A ce mot d’ordre, qu’il attendait avec une impatience mortelle, Raymond se précipite sur Marie-Thérèse. Le marquis le suit et, tandis que les deux autres continuent de veiller aux portes, tous deux bondissent, gravissent les hauts degrés de porphyre, tendent les bras à Marie-Thérèse… Et Marie-Thérèse, se levant tout à fait cette fois, pousse un cri de joie et de délivrance et est déjà prête à se jeter dans leurs bras tendus avec le petit Christobal… quand, tout à coup, dans la seconde même où elle va quitter le siège fatal, un sifflement sinistre se fait entendre, cependant qu’elle jette une clameur effroyable et qu’elle se débat avec l’enfant dans les replis monstrueux d’une bête énorme qui vient de jaillir autour d’elle, qui l’enserre de ses anneaux, qui la broie, qui la retient, qui l’emprisonne sur le fauteuil de la Mort, avec le Mort ! C’est le serpent de la Maison du Serpent qui garde sa proie !…

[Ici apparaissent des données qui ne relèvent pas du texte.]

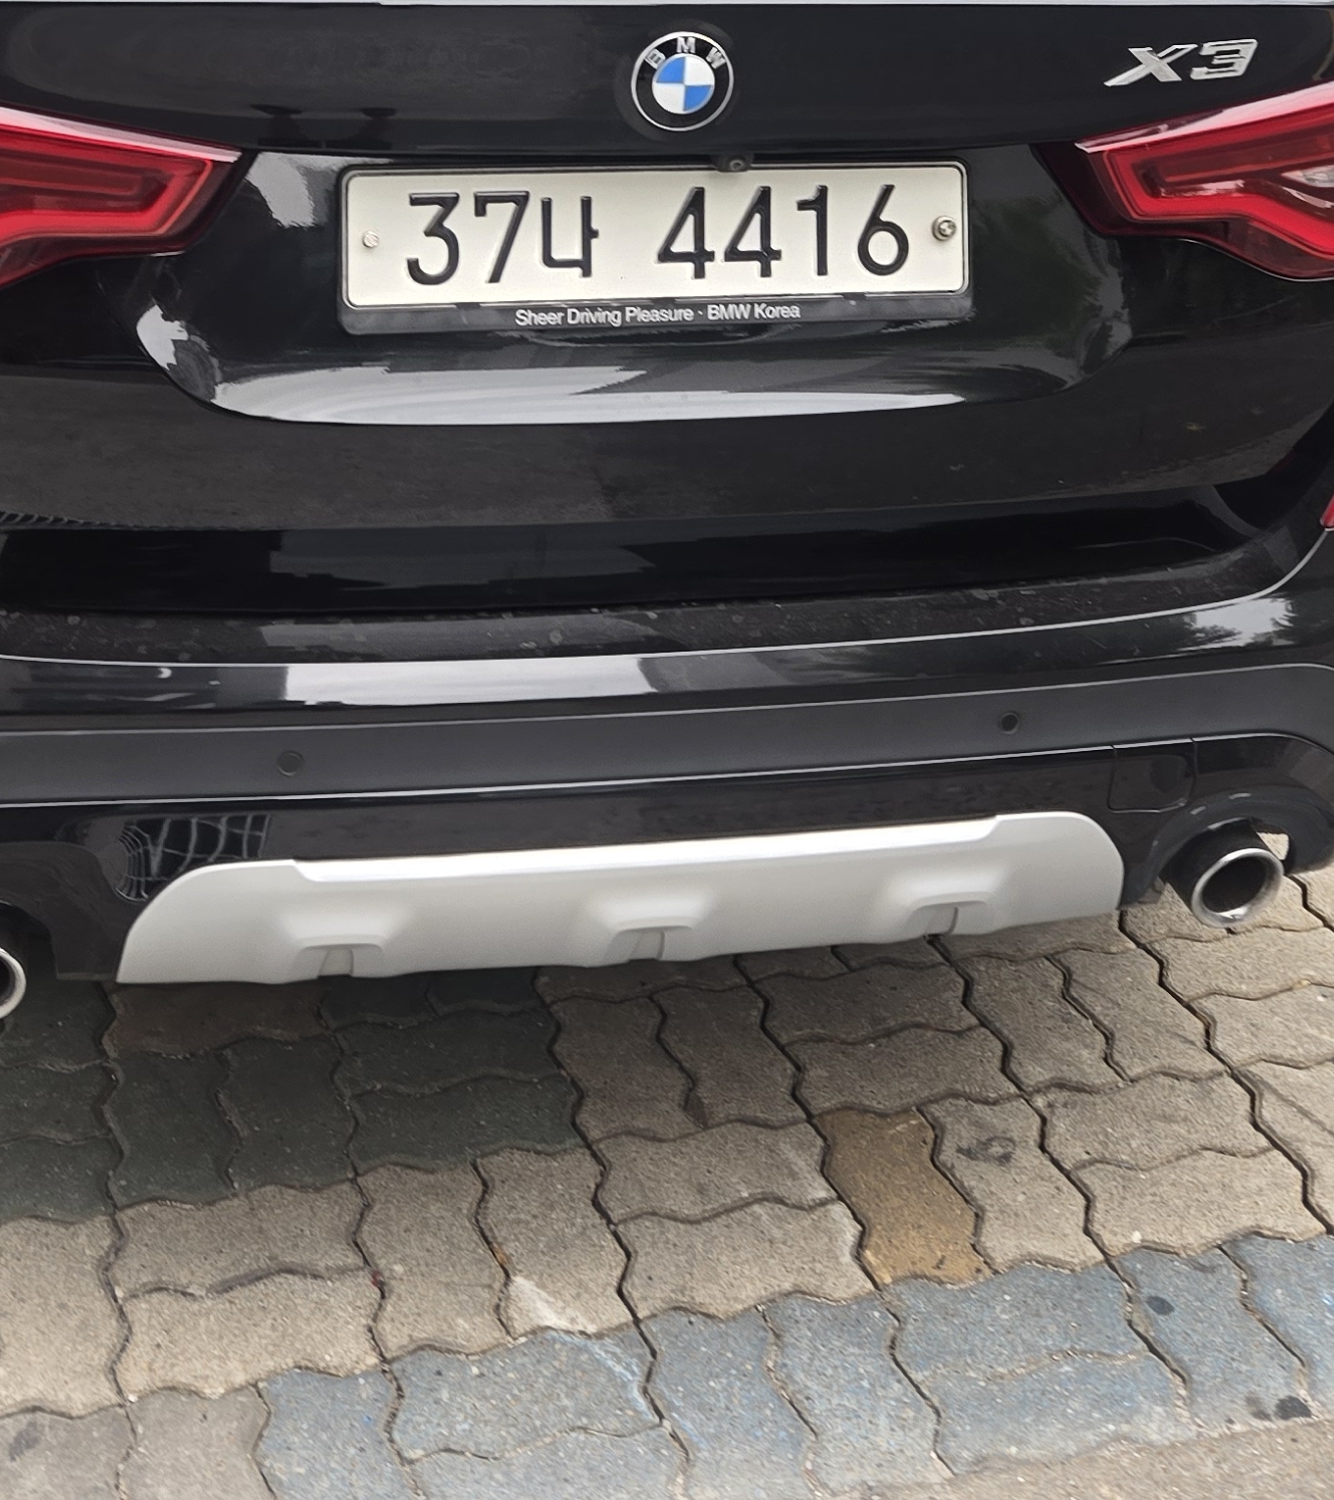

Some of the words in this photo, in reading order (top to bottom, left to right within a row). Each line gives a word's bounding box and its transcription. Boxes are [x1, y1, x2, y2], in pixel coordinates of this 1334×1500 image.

[644, 36, 726, 69] BMW
[1103, 38, 1258, 87] X3
[406, 191, 599, 285] 37나
[657, 184, 910, 280] 4416
[515, 309, 564, 326] Sheer
[567, 308, 622, 327] Driving
[625, 305, 694, 323] Pleasure
[707, 303, 751, 321] BMW
[753, 303, 801, 320] Korea
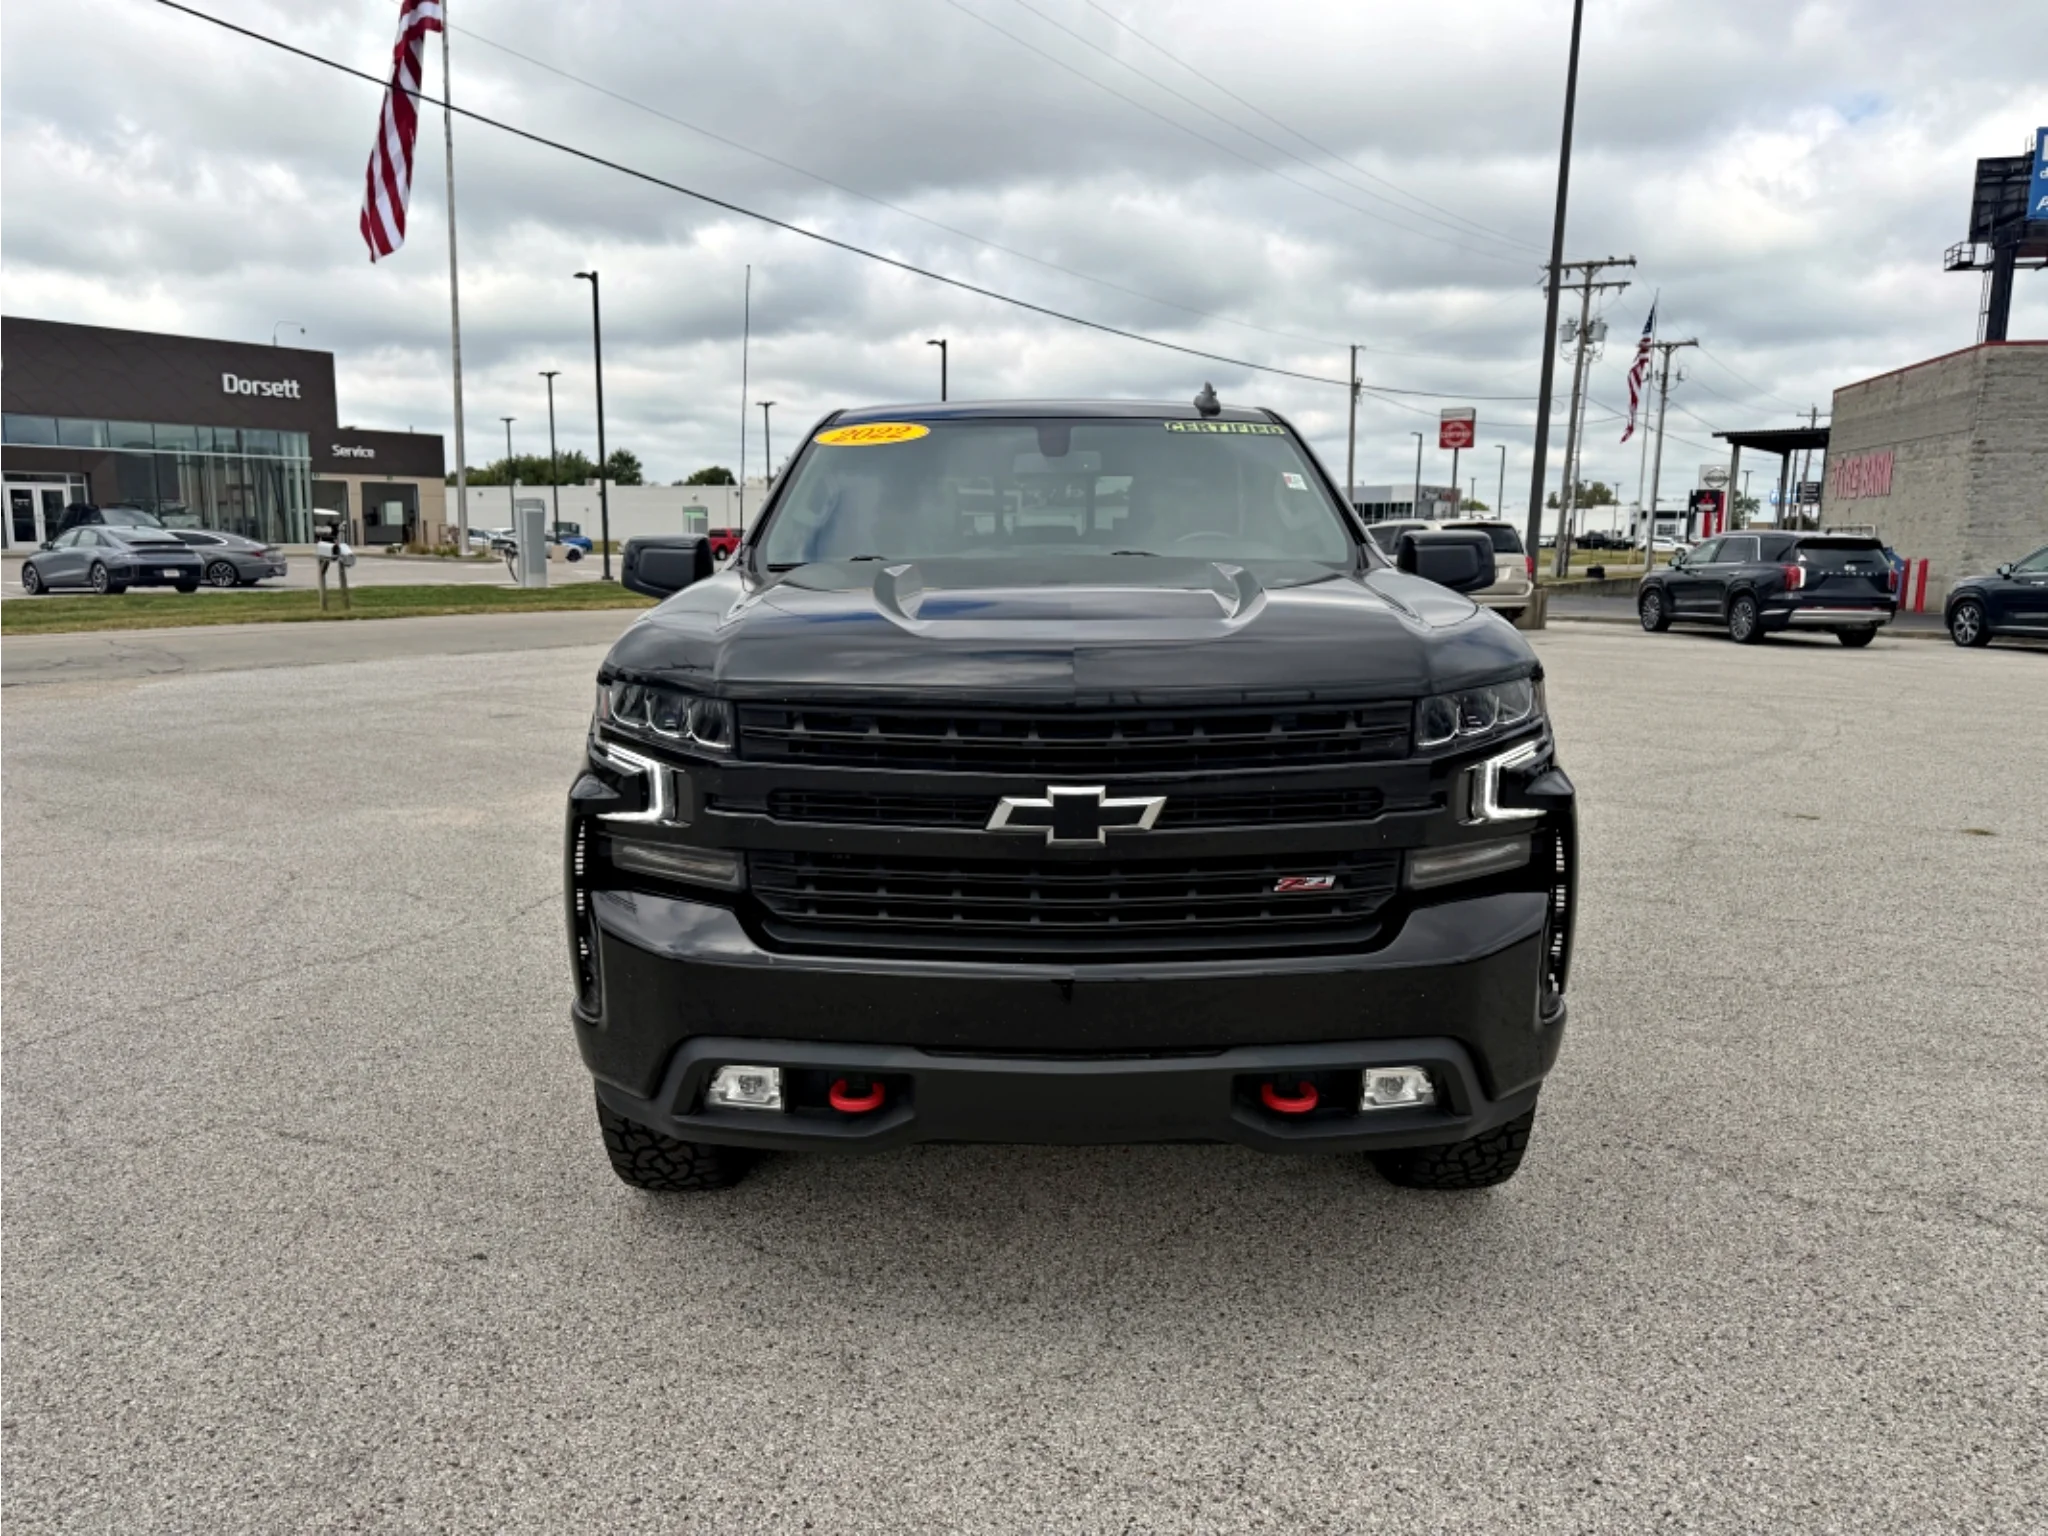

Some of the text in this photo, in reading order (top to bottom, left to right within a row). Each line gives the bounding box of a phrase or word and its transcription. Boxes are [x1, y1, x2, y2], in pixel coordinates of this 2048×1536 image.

[222, 372, 301, 399] Dorsett
[831, 425, 912, 442] 2022
[1164, 421, 1285, 435] CERTIFIED
[331, 443, 375, 459] Service
[1860, 450, 1894, 497] BARN

Raymond, le marquis, ont jeté un égal cri d’horreur devant ce rempart inattendu qui se dresse en face d’eux et ils se sont rués sur le monstre dont la tête se balance fantastiquement au-dessus d’eux en faisant entendre un singulier bruit de clochettes. Ils veulent lui arracher ses deux victimes !… Ils le frappent ! Ils l’étreignent à leur tour !… Ils voudraient le tuer ! l’étouffer !… Epouvante nouvelle !… Leurs mains insensées ne rencontrent point la chair vivante, mais le froid du métal, des anneaux qui grincent, qui glissent les uns sur les autres, mus par quelque mécanisme infernal[34], écailles de cuivre[35] qui défendent Marie-Thérèse et l’enfant contre les efforts qui tentent de les sauver, mieux que ne le feraient les barreaux d’une prison !…

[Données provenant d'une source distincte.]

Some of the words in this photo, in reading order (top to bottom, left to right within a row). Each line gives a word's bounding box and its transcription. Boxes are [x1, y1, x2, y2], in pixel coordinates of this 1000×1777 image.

C’est en vain que Raymond essaie d’attirer à lui les membres glacés de Marie-Thérèse, en vain que le marquis a tenu dans ses mains les mains du petit Christobal… Ils sont impuissants à les arracher au monstre qui continue de balancer au-dessus d’eux sa tête triangulaire dont la gueule entr’ouverte laisse échapper un sifflement de plus en plus aigu et cet étourdissant bruit de clochettes… auquel on accourt de partout…

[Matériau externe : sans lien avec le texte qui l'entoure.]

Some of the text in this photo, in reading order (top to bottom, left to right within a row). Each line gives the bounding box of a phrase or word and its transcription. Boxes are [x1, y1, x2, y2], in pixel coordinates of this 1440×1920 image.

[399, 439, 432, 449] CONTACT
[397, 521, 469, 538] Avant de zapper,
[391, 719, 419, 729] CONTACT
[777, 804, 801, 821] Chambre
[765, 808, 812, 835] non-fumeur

Natividad a crié : « Les voilà ! les voilà !… » et il s’est sauvé… mais où se sauver !… Et le marquis ne veut plus fuir… Et Raymond ne veut plus quitter Marie-Thérèse !… Et la salle tout entière se remplit à nouveau d’Indiens !… de dignitaires !… de caciques… de punchs rouges qui crient au sacrilège… de mammaconas qui agitent désespérément leurs voiles noirs… de soldats quichuas qui font ouvertement cause commune avec la bande d’Oviedo Runtu, lequel seul reste invisible.